The man, Santa, was gone.

Tiger stood there in bewilderment for a moment, and then felt a breeze stir up. Tiger’s nostrils flared, and his ears circled back and forth. The breeze whipped through his whiskers and danced around, growing colder and colder. Tiger shivered at first, and then stopped as snowflakes began falling all around him. 

In the heart of the jungle, in the clearing by the tiny hut Santa had just left, snow began falling more and more heavily.  It fell in great gleaming wet flakes that coated Tiger’s whiskers and lay heavy on his back. It formed drifts and hills in a short time.  Tiger jumped through the hills and rolled in the valleys of snow. Tiger ran in circles into the wind and against it, feeling the snow sting his eyes and pelt his nose and ears.  Tiger burrowed into the snow and came up covered in it, shaking it off in great clumps. Tiger licked and ate the snow until his tongue was numb and his belly sore with icy glee. Tiger sat and stared up into the sky, watching as the snowflakes drifted down from the stars above to gently flare past his vision and join their fellows on the ground.

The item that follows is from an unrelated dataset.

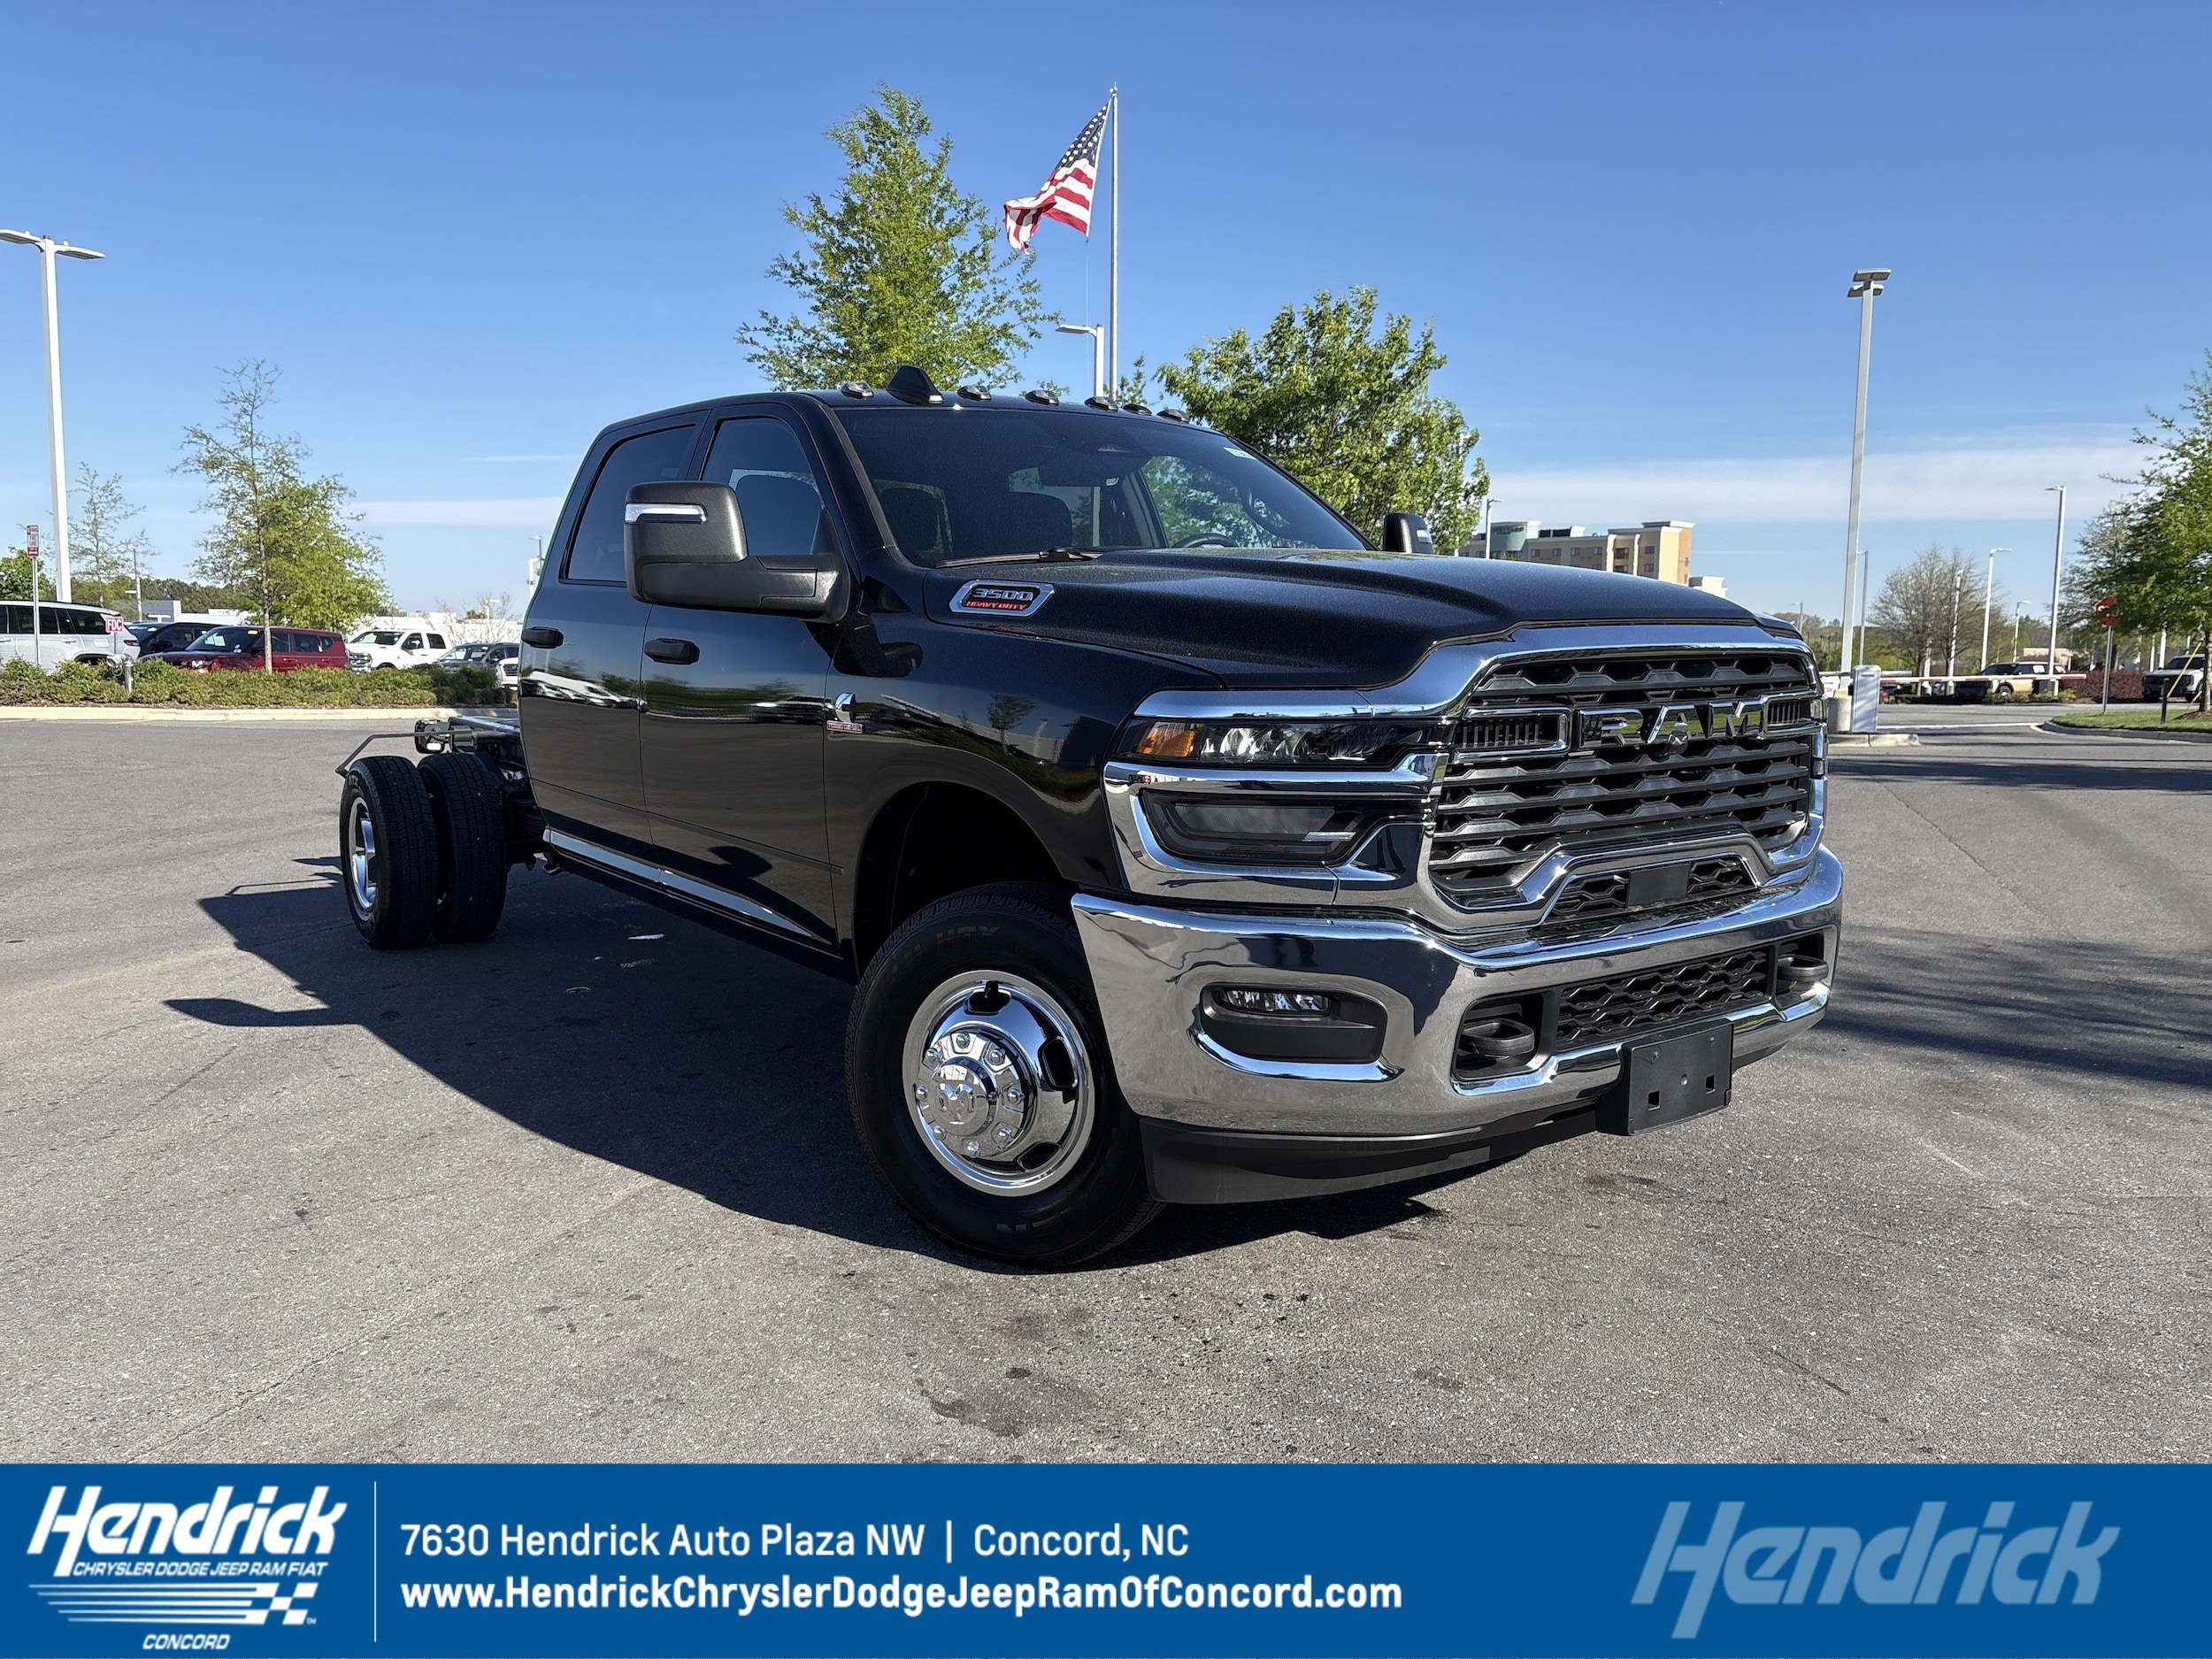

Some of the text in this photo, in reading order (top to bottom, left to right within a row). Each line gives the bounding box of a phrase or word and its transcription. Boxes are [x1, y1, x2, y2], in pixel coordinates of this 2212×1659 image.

Tiger kept at this until the sun started to rise and he heard the children in the hut begin to stir. Looking, Tiger saw in the doorway two small children, a boy and a girl. They had frozen at the sight of the large cat. Their eyes were wide with terror. Tiger’s stomach rumbled with hunger and his nostrils flared at the scent of the meat that stood before him.

But Tiger's mind remembered the man from the night, the single snowflake in his palm. Tiger's ears recalled the words he had heard; Tiger's heart still held the feel of the visit.


Merry Xmas, Tiger whispered to the children, and padded off into the jungle, the snow melting behind him.